In het begin van de 20ste eeuw was het principe van de hond als trek- en lastdier nog een zeer gangbaar gebruik. Omdat de dierenwelzijnswet dat gebruik verbiedt, is voor wedstrijden en demonstraties met sledehonden een expliciete toelating nodig van de minister bevoegd voor dierenwelzijn.

Deze aanvragen moeten vóór 31 mei van elk jaar bij de dienst Dierenwelzijn ingediend worden. Een werkgroep van de Raad voor Dierenwelzijn verleent zijn advies bij de aanvraag. De lijst van toegestane evenementen voor de daaropvolgende periode van een jaar wordt jaarlijks in een Ministerieel Besluit gepubliceerd.

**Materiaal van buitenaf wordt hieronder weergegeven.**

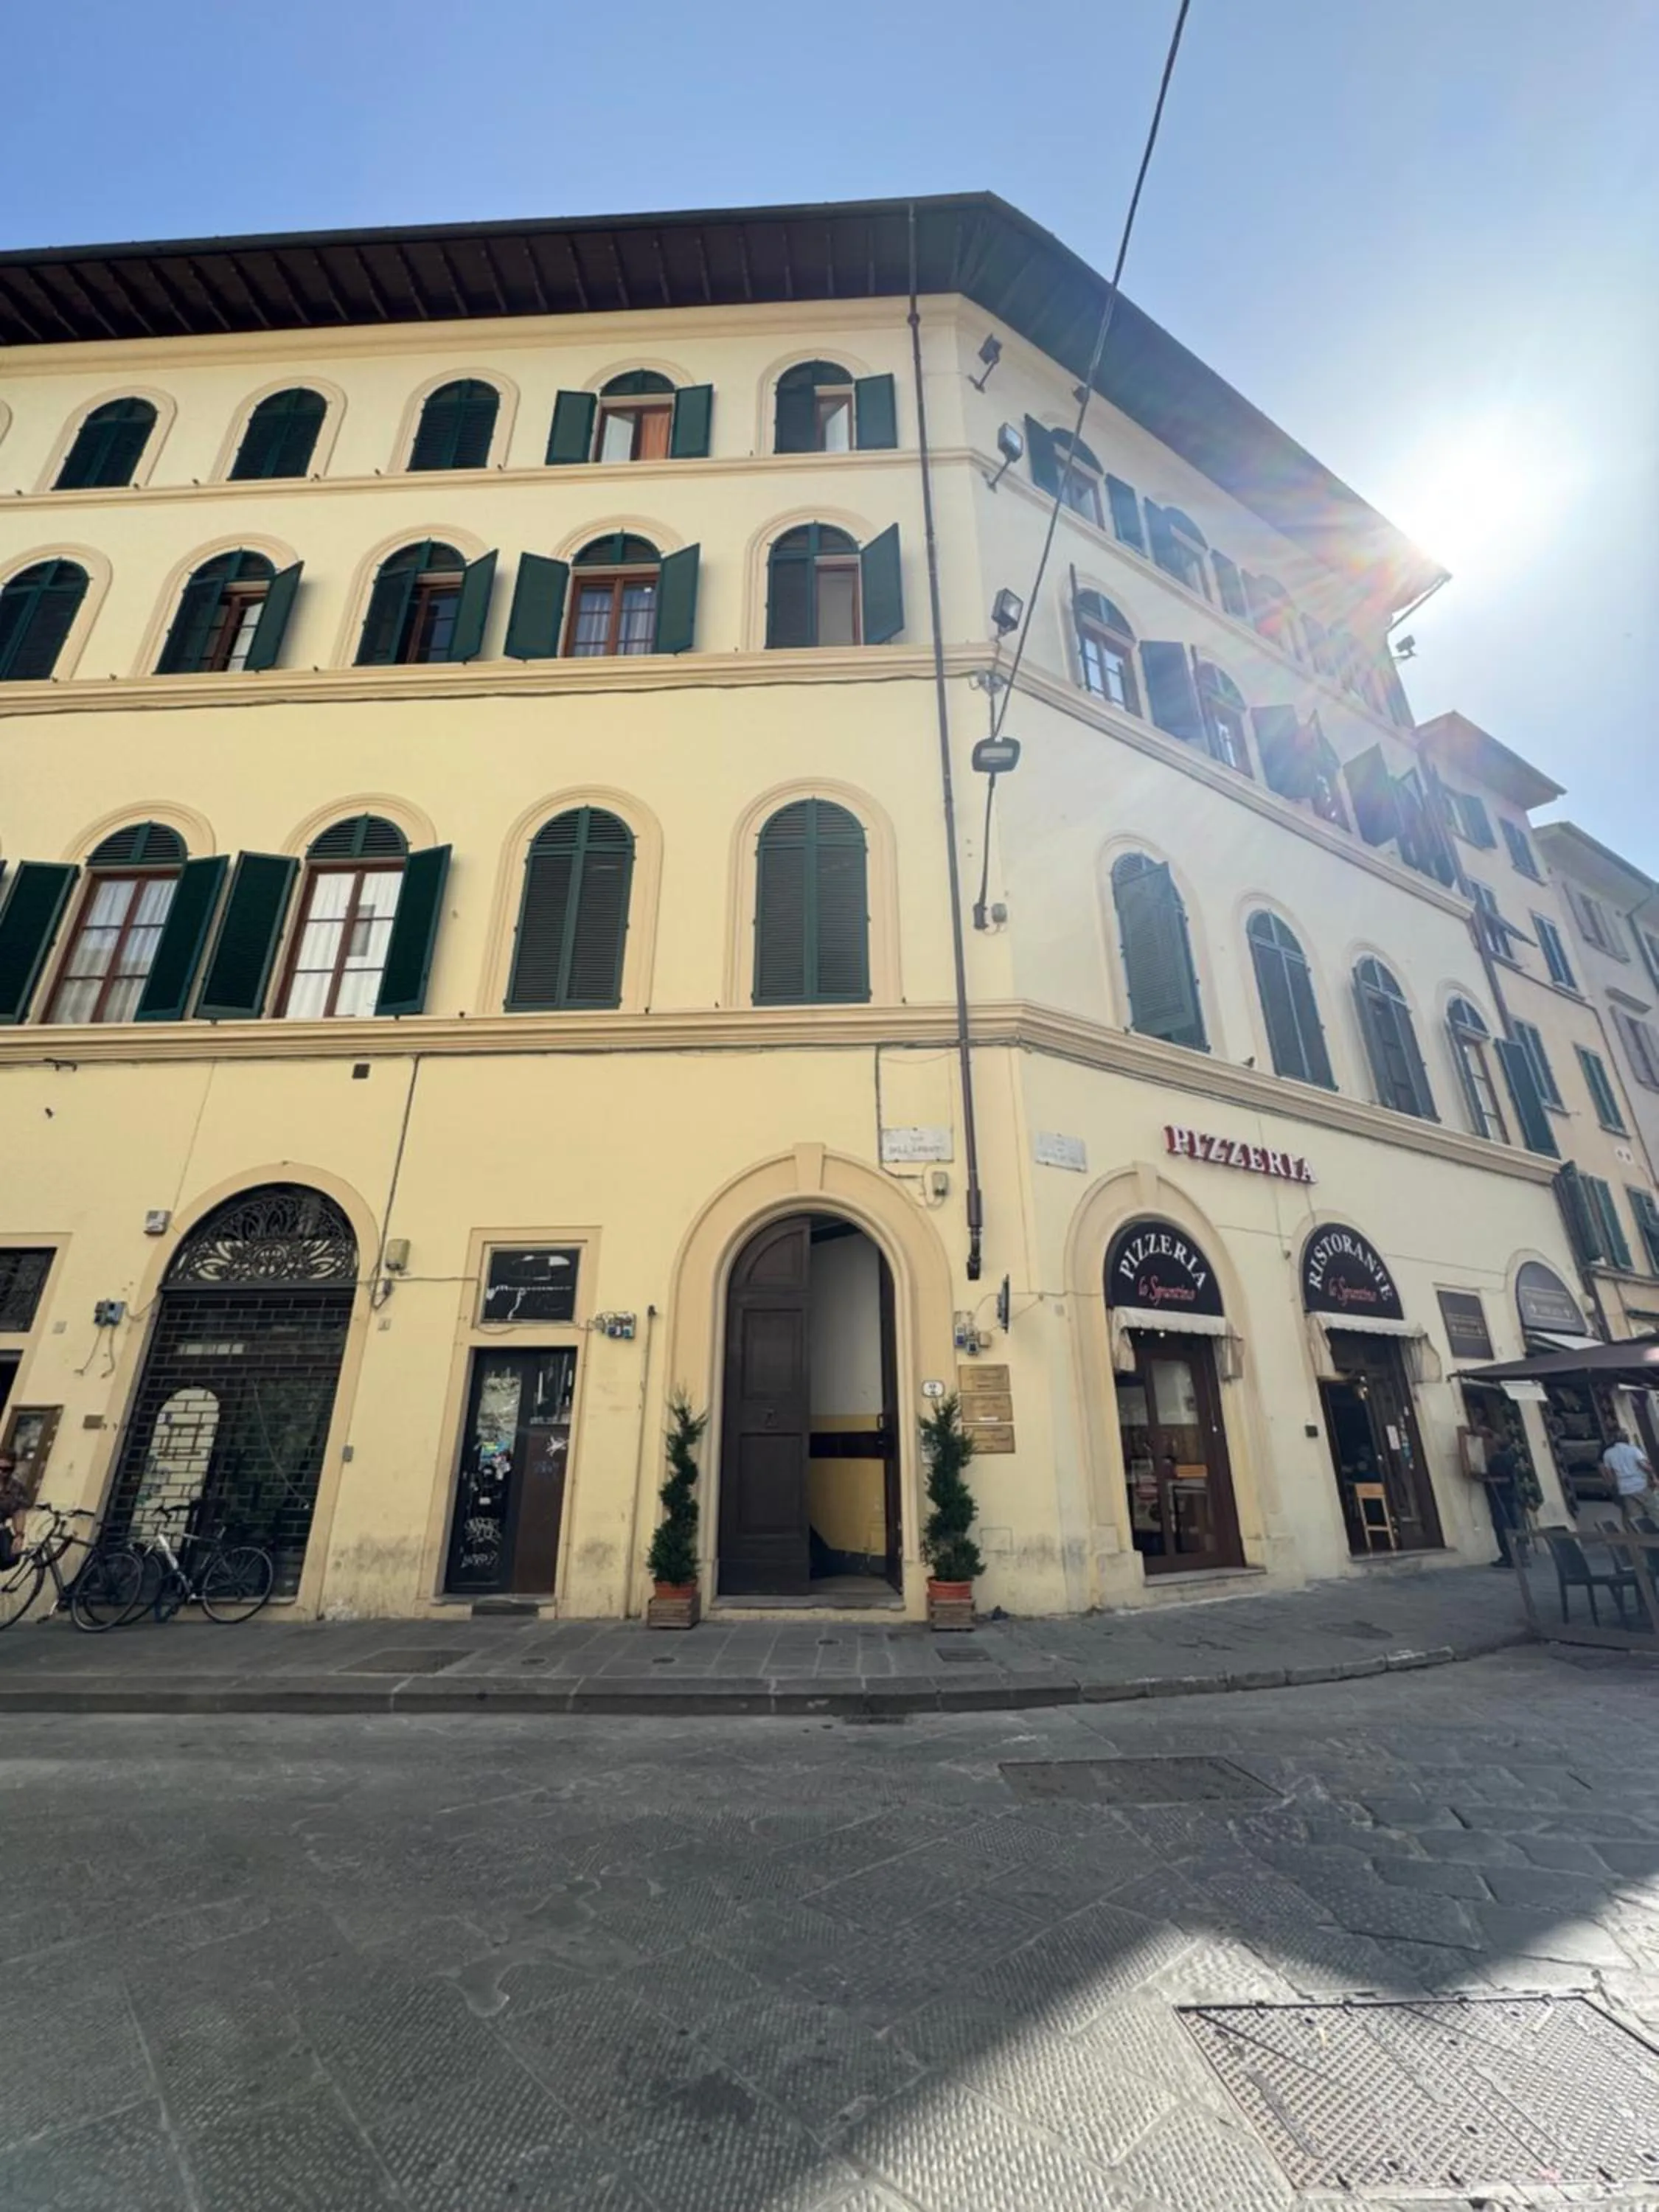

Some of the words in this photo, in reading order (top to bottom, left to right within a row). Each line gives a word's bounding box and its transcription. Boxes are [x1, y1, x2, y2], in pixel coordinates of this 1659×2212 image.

[1164, 1124, 1318, 1183] PIZZERIA
[1119, 1232, 1206, 1290] PIZZERIA
[1308, 1232, 1394, 1301] RISTORANTE

De voorwaarden waarop de minister hiervoor toelating kan verlenen, zijn vastgelegd in het Koninklijk Besluit van 12 maart 1999 houdende de voorwaarden voor het verkrijgen van een afwijking van het verbod honden als last- en trekdier te gebruiken. Voor de organisatie van sledehondenwedstrijden zijn er voorwaarden waaraan de organisator en de honden moeten voldoen. Er worden ook strenge eisen gesteld aan het parcours, de diergeneeskundige begeleiding, de omgevingstemperatuur, enzoverder.

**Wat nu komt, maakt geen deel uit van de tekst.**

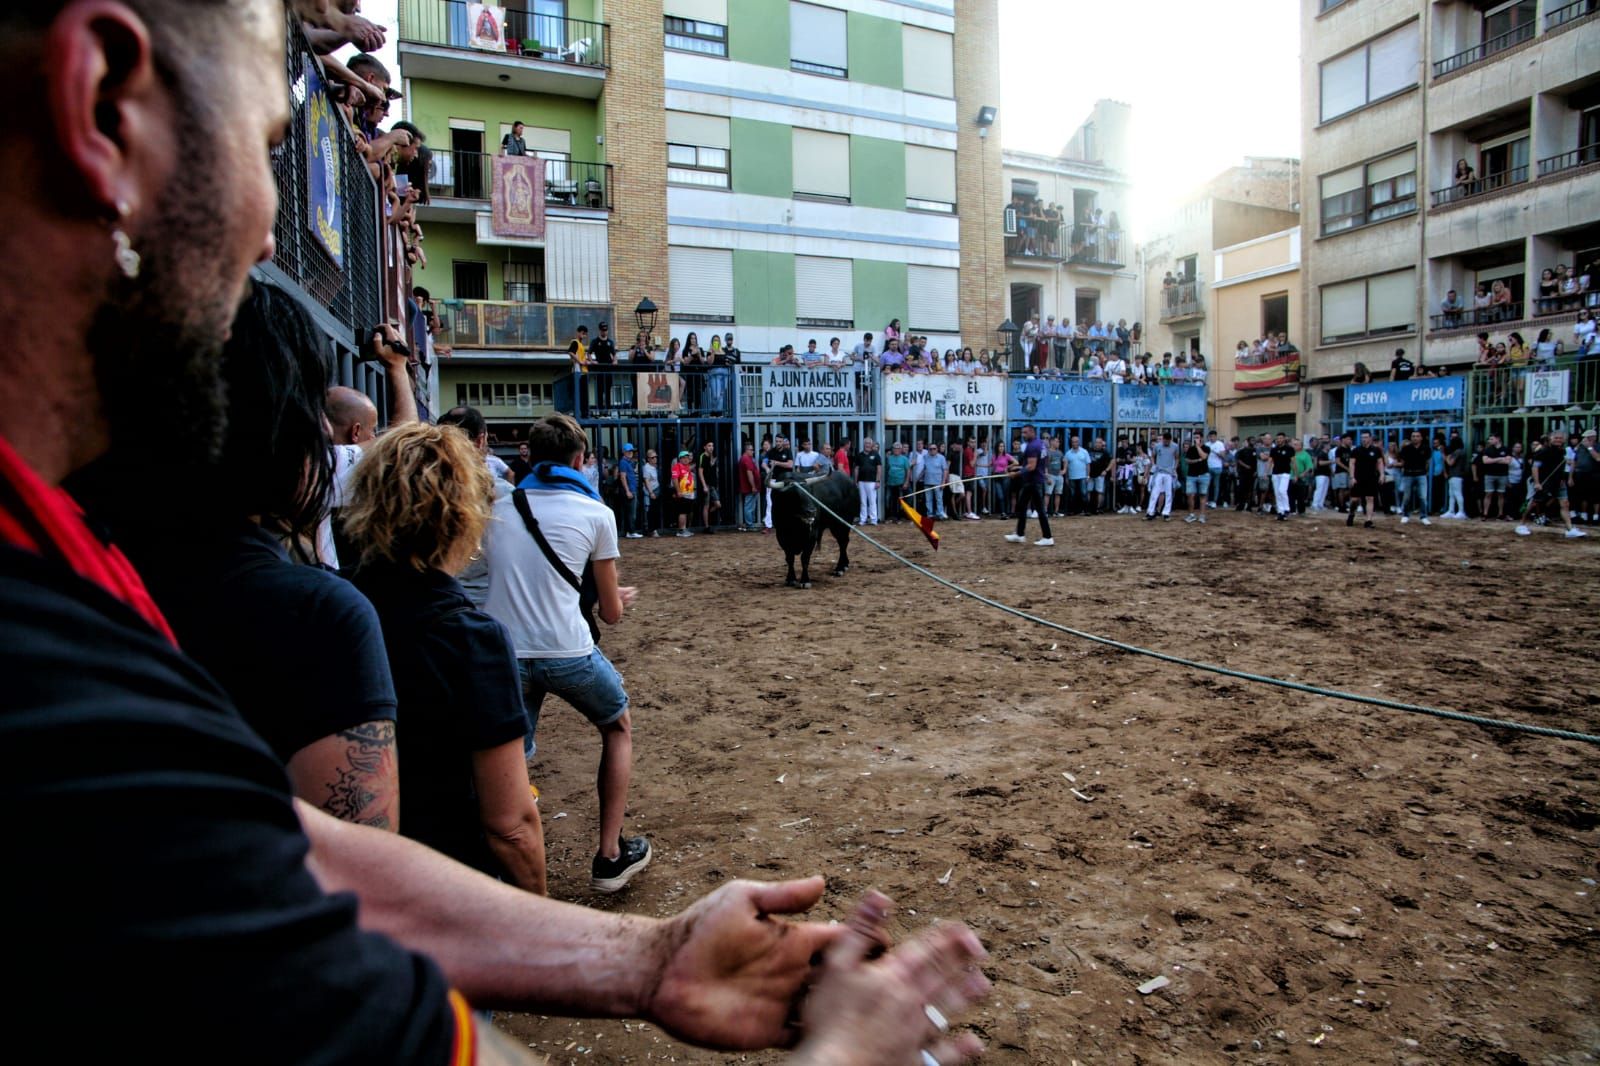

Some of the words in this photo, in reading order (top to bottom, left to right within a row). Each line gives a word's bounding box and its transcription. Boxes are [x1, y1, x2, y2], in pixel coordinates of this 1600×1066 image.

[769, 370, 849, 388] AJUNTAMENT
[967, 381, 980, 394] EL
[782, 391, 854, 408] ALMASSORA
[894, 389, 933, 405] PENYA
[1353, 391, 1388, 405] PENYA
[952, 403, 995, 417] TRASTO

Sledehondenwedstrijden zijn slechts toegestaan met honden behorende tot de volgende rassen:

  • Siberische Husky
  • Alaskan Malamute
  • Samojeed
  • Groenlandhond
  • Alaskan husky (niet erkend als ras door de FCI, Fédération Cynologique Internationale)

Er moet een wedstrijdreglement voorhanden zijn dat gedetailleerde regels en sancties beschrijft bij het niet naleven ervan. Sledehondenwedstrijden worden in ons land al meer dan 15 jaar op die wijze ingericht en uit de controles van officiële inspectiediensten én van dierenbeschermingsverenigingen blijkt dat er zich geen dierenwelzijnsproblemen voordoen.

Doping

Doping is niet alleen in de sportwereld een belangrijk probleem, maar ook in wedstrijden met dieren is het een aandachtspunt. In de Dierenwelzijnswet is sinds 1986 een verbod op het gebruik van prestatie-beïnvloedende middelen opgenomen waarbij, bij koninklijk besluit, de verboden producten opgesomd kunnen worden.

Voor de honden- en paardensport bleek de opstelling van een lijst van dopingproducten niet nodig: de respectievelijke sportfederaties hadden al een uitgewerkt intern dopingreglement met een eigen controlesysteem.

De duivensport echter werd pas in het begin van de jaren negentig geconfronteerd met dopinggebruik dat de wedstrijduitslagen opvallend beïnvloedde. Daarom werd het Koninklijk Besluit van 14 februari 1995 tot vaststelling van de lijst van verboden prestatie verbeterende stoffen bij duiven(PDF bestand opent in nieuw venster), uitgevaardigd en werd in overleg met de Koninklijke Belgische Duivenbond (KBDB) een intern reglement voor de dopingbestrijding opgesteld. Er werd een overeenkomst gesloten tussen de KBDB en de minister over de samenwerking tussen de duivenbond en de officiële diensten bij dopingcontroles.

  • In de praktijk gebeuren deze controles door controleurs die aangesteld zijn door de KBDB en jaarlijks gelegitimeerd worden door de minister die bevoegd is voor het dierenwelzijn (zie het Koninklijk Besluit van 23 september 1998).
  • De resultaten van de controles worden jaarlijks in overleg met de KBDB geëvalueerd en indien nodig worden de regels of procedures aangescherpt. Ook de lijst van op te sporen producten wordt up-to-date gehouden. Bij de duiven lijkt het dopinggebruik onder controle te zijn: van de 216 controles in 2004 waren er slechts 2 positief.